在包被环节,采用高纯度重组小鼠CETP抗原作为固相载体,通过方阵滴定法确定最佳包被浓度为1.5μg/mL,4℃过夜包被可使抗原结合效率提升30%。封闭液选择含5%脱脂奶粉的PBS缓冲液,能有效降低非特异性背景值。值得注意的是,通过引入新型HRP标记二抗(1:5000稀释),使信号放大系统灵敏度达到0.1ng/mL,较传统方法提高两个数量级。
样本预处理阶段创新性地加入载脂蛋白抑制剂混合物,可有效防止血清样本中脂蛋白颗粒的干扰。标准曲线采用6个梯度(0.2-50ng/mL),经三次重复验证显示线性相关系数R2>0.998。针对小鼠血清的特殊性,建议样本稀释比例控制在1:20至1:50区间,此时回收率可达92-105%。

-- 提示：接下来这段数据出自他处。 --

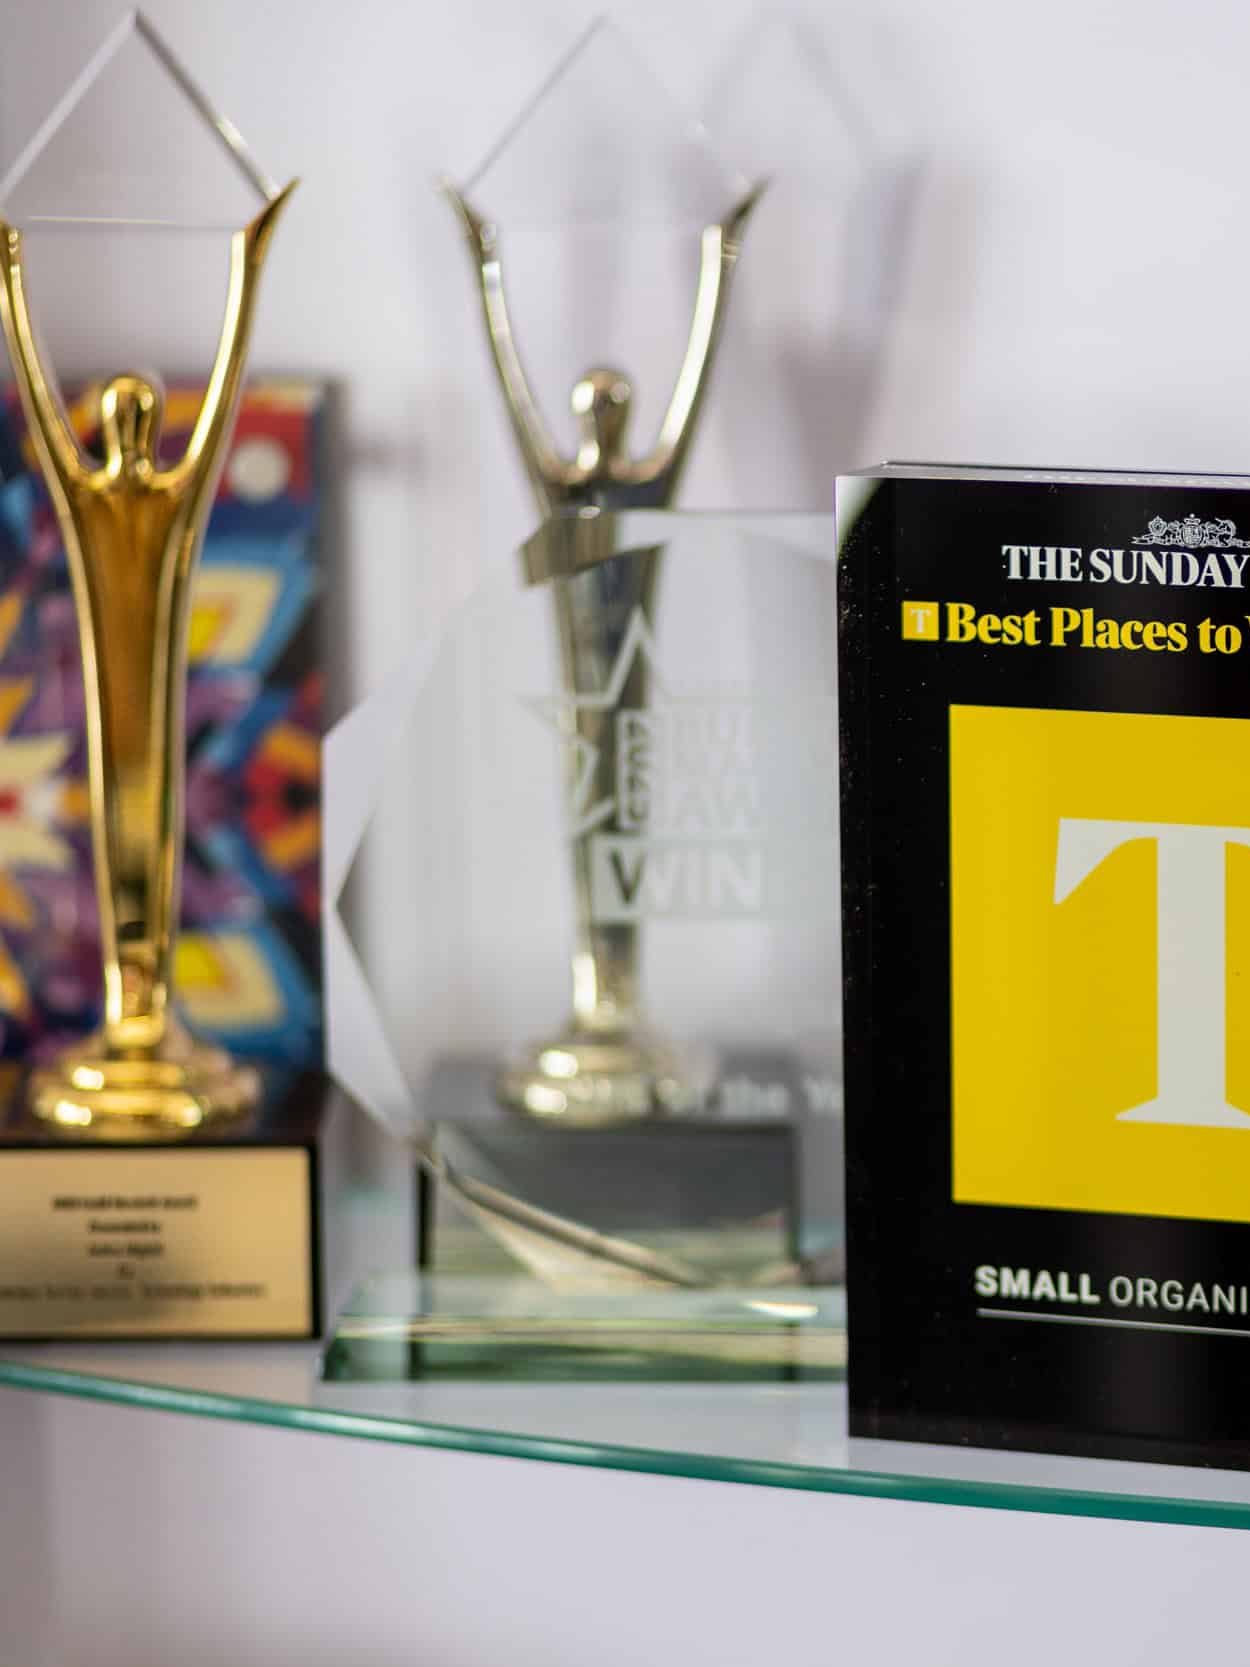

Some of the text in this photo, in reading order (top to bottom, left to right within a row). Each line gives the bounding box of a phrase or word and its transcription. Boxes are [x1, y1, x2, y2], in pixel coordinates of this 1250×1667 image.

[1002, 545, 1081, 582] THE
[1089, 548, 1250, 590] SUNDAY
[945, 602, 1041, 646] Best
[1050, 606, 1188, 652] Places
[1199, 617, 1242, 654] to
[975, 1264, 1100, 1303] SMALL

为验证试剂盒的可靠性,我们选取高脂饮食诱导的动脉粥样硬化模型鼠进行测试。结果显示,CETP水平与主动脉斑块面积呈显著正相关(r=0.83,p<0.01),且批内变异系数<8%,批间变异系数<12%,完全符合临床前研究要求。该试剂盒现已成功应用于药物筛选实验,为新型降脂药物的研发提供了精准的分子检测平台。